YOUR OBJECTIVE | Could you copy the data that follows exactly as written, but drop the pictures?

-- EXTRACTED INFORMATION follows --

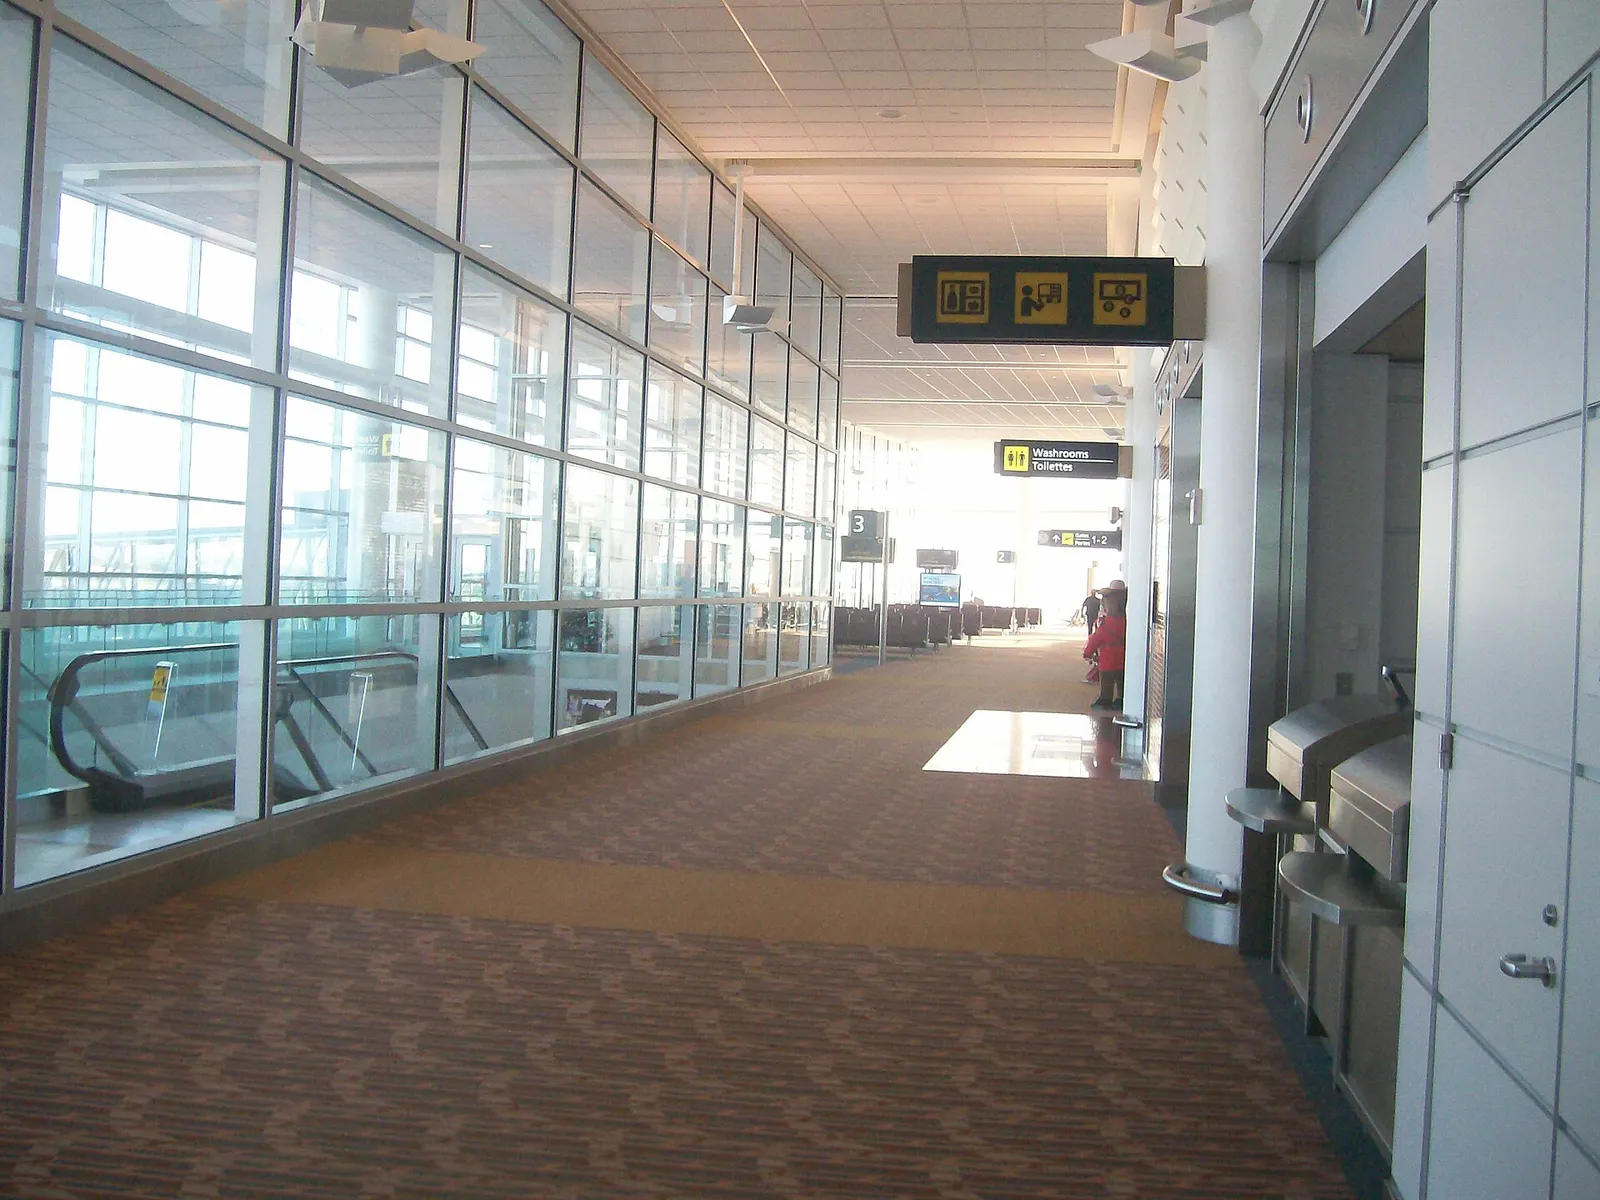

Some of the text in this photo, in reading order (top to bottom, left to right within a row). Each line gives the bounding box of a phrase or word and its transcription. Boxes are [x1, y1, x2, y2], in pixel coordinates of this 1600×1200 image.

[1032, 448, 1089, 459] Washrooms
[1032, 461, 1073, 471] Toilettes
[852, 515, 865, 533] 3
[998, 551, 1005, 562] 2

-- EXTRACTED INFORMATION concluded --

ANSWER SPACE |
Some of the text in this photo, in reading order (top to bottom, left to right within a row). Each line gives the bounding box of a phrase or word and its transcription. Boxes are [x1, y1, x2, y2], in pixel coordinates of this 1600×1200 image.

[1032, 448, 1089, 459] Washrooms
[1032, 461, 1073, 471] Toilettes
[852, 515, 865, 533] 3
[998, 551, 1005, 562] 2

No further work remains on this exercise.